In subsequent discussion, the following points were raised:

  • A project of this magnitude will have an effect on the flexibility of a number of NCI funding mechanisms. A possibility would be to fund the LSS across targeted areas of Institute investment rather than from the research grants pool only.

  • The proposed study as revised is scientifically very well designed.

  • The high cost of the project represents "lost opportunity" costs. Such opportunities include better smoking prevention and cessation programs and improved treatment modalities. A concern is that the proposed budget will have a negative impact on investigator-initiated grants (R01s and P01s).

  • The Data Safety and Monitoring Board must perform its review function aggressively. With early-stopping rules and clear-cut progress reviews in place, the trial could be ended early if the results are strongly positive or strongly negative, thus reducing the cost.

  • Health care insurance companies should be likely candidates for partnerships. If SCT is effective as a screening device, it should be covered by insurers because early detection is cheaper than late-stage treatment; if it is not effective, coverage should not be provided. With its increasing popularity, SCT might become the standard of care and would be covered by insurers regardless of whether it is effective.

  • Screening technology may change over the 10-year period of the study. Such changes should not invalidate the study's findings, because researchers will have the opportunity to identify key features of early detection.
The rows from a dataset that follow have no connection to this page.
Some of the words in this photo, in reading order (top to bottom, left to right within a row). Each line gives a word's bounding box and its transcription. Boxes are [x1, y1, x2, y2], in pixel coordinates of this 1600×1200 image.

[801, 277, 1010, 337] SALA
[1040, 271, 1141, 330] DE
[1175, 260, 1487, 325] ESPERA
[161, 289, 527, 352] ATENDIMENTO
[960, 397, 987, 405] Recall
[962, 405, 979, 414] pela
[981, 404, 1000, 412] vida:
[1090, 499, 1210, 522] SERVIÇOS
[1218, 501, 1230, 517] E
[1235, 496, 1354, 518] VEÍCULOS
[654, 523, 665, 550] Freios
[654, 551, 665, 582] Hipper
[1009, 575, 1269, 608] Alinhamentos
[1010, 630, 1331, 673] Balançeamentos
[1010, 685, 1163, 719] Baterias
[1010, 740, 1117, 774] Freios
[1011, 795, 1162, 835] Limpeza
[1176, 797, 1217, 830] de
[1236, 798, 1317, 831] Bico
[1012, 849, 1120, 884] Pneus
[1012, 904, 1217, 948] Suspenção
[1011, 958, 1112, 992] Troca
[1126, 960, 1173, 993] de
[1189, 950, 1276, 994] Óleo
  • The trial could have a direct positive impact on NCI's mission of reducing the cancer burden in the United States and improving the health status of the population.
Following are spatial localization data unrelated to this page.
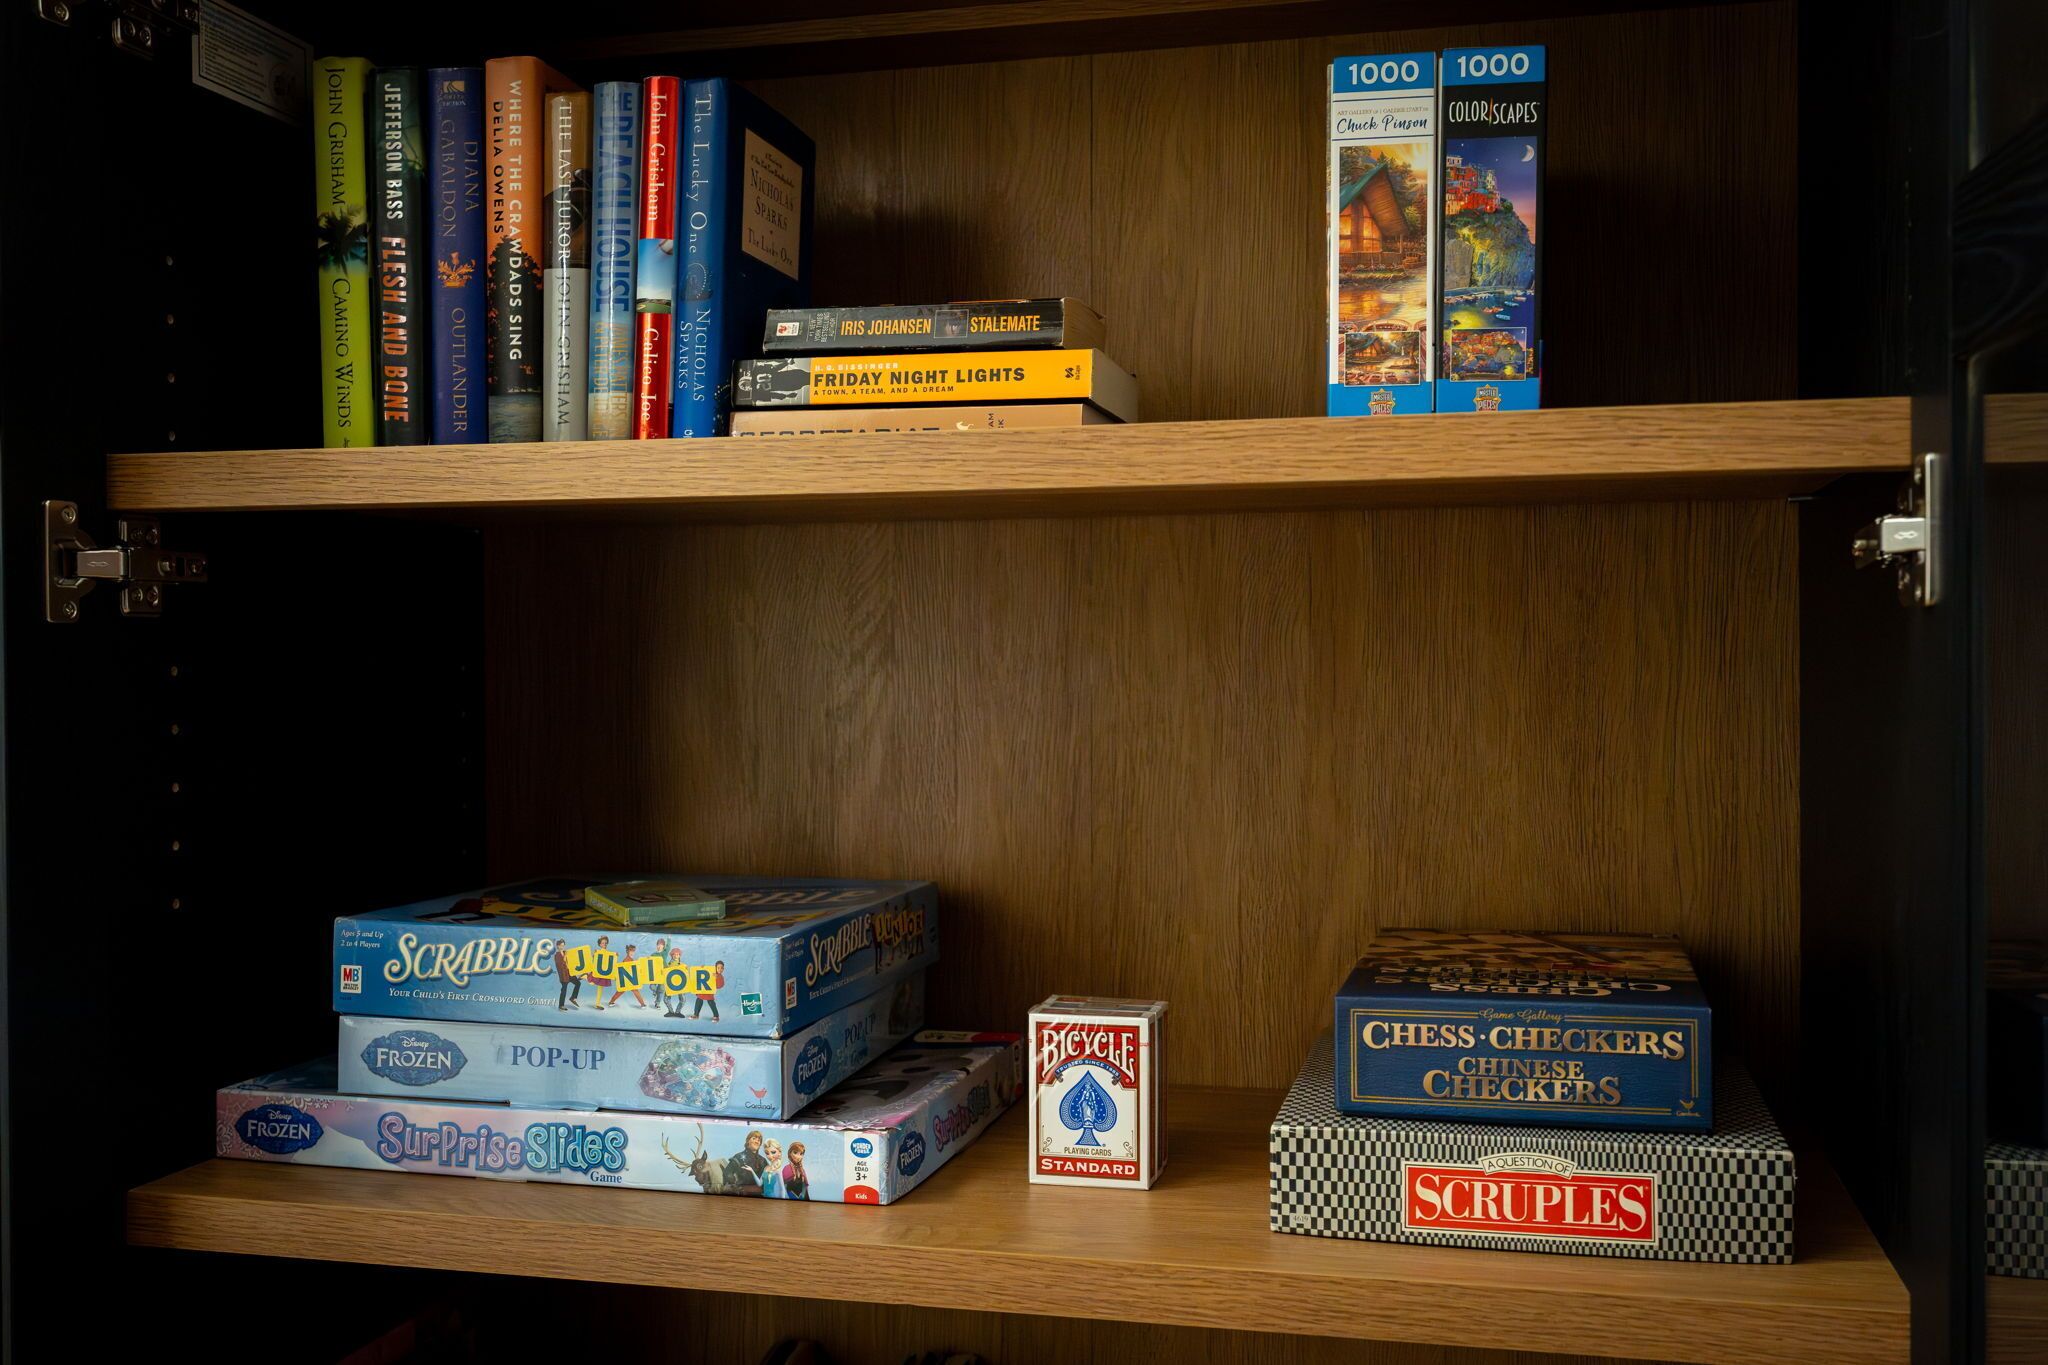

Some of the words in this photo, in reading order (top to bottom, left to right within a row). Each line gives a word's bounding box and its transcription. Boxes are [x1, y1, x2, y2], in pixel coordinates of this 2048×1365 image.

[1349, 60, 1420, 85] 1000
[1457, 52, 1530, 78] 1000
[324, 67, 346, 115] JOHN
[384, 83, 402, 173] JEFFERSON
[493, 101, 504, 158] DELIA
[509, 80, 522, 147] WHERE
[558, 101, 573, 139] THE
[650, 93, 668, 137] John
[694, 93, 713, 133] The
[1336, 115, 1379, 134] Chuck
[1381, 114, 1428, 132] Pinson
[328, 121, 348, 206] GRISHAM
[439, 119, 457, 238] GABALDON
[463, 141, 481, 213] DIANA
[509, 155, 522, 191] THE
[558, 148, 573, 192] LAST
[597, 116, 634, 208] BEACH
[648, 143, 667, 221] Grisham
[686, 141, 710, 203] Lucky
[386, 179, 403, 220] BASS
[493, 165, 504, 234] OWENS
[751, 168, 794, 212] NICHOLAS
[557, 196, 572, 261] JUROR
[689, 211, 708, 253] One
[755, 196, 788, 232] SPARKS
[382, 236, 407, 304] FLESH
[509, 199, 523, 308] CRAWDADS
[595, 218, 632, 313] HOUSE
[557, 276, 572, 326] JOHN
[382, 312, 408, 357] AND
[509, 314, 523, 360] SING
[840, 319, 866, 336] IRIS
[867, 318, 932, 336] JOHANSEN
[970, 314, 1041, 333] STALEMATE
[451, 307, 468, 433] OUTLANDER
[642, 327, 660, 385] Calico
[678, 320, 693, 389] SPARKS
[693, 309, 711, 402] NICHOLAS
[384, 365, 410, 424] BONE
[557, 334, 572, 425] GRISHAM
[814, 371, 882, 387] FRIDAY
[890, 369, 949, 385] NIGHT
[956, 366, 1026, 383] LIGHTS
[923, 385, 955, 393] DREAM
[640, 393, 658, 421] Joe
[341, 929, 356, 938] Ages
[374, 931, 384, 939] Up
[359, 940, 381, 949] Players
[806, 913, 872, 987] SCRABBLE
[343, 967, 360, 982] MB
[384, 932, 555, 987] SCRABBLE
[574, 949, 713, 992] JUNIOR
[389, 987, 410, 998] YOUR
[412, 989, 445, 1000] CHILD'S
[447, 991, 470, 1002] FIRST
[472, 992, 525, 1006] CROSSWORD
[1480, 1007, 1515, 1021] Game
[1517, 1009, 1564, 1024] Gallery
[376, 1047, 452, 1071] FROZEN
[401, 1036, 429, 1051] Disney
[511, 1045, 606, 1071] POP-UP
[1041, 1029, 1135, 1083] BICYCLE
[1362, 1020, 1475, 1050] CHESS
[1488, 1026, 1686, 1061] CHECKERS
[798, 1050, 828, 1086] FROZEN
[1085, 1060, 1105, 1068] SINCE
[1457, 1056, 1585, 1081] CHINESE
[1422, 1069, 1622, 1106] CHECKERS
[247, 1120, 311, 1140] FROZEN
[268, 1109, 292, 1122] Disney
[900, 1141, 923, 1169] FROZEN
[1041, 1158, 1135, 1175] STANDARD
[1064, 1146, 1090, 1156] PLAYING
[1090, 1148, 1112, 1157] CARDS
[1488, 1161, 1496, 1170] A
[1497, 1155, 1555, 1172] QUESTION
[1556, 1161, 1572, 1175] OF
[590, 1171, 623, 1184] Game
[855, 1172, 867, 1181] 3+
[1415, 1173, 1647, 1232] SCRUPLES
  • LSS II and ACRIN, should be compatible in all their components, including protocol development, quality assurance, instrumentation, eligibility requirements, etc.

  • Since the trial does not call for uniform treatment options following a positive screening result, some treatments may obscure SCT's impact on mortality, the study endpoint.

  • The possibility of early detection of lung cancer may remove some motivation for smoking cessation. However, social scientists are working on message-framing techniques to motivate smokers to quit despite the existence of early detection methods.

  • More effort should be devoted to finding partners for cost-sharing. Consideration should be given to approaching the DoD since smoking has been a problem among veterans.

  • Progress has been made in understanding the interactions between carcinogens and genes, and this knowledge may produce a risk model for lung cancer. Such a model may help to identify high-risk individuals for SCT, and surgical cure rates could potentially be improved by as much as 80 percent.

  • The trial appears to be cost-effective in terms of projected dollars per years of life saved.

  • The project should not be viewed as an "either/or" supporting decision between tobacco control and behavioral science on the upstream side, and early detection and other therapeutic and diagnostic interventions on the downstream side. All of these approaches are needed to reduce the burden of lung cancer.

Motion: A motion to approve the RFP concept entitled "Spiral CT Lung Cancer Screening Trial" with an amendment to continue efforts to seek funding partners (with periodic updates to the BSA) and to have the Data Safety and Monitoring Board aggressively monitor the trial from its commencement and consider stopping the trial early if warranted, was approved. The vote was 17 in favor, 8 opposed, and 1 abstention.

Adjournment: The meeting adjourned at 12:15 p.m. on Wednesday, 14 November 2001.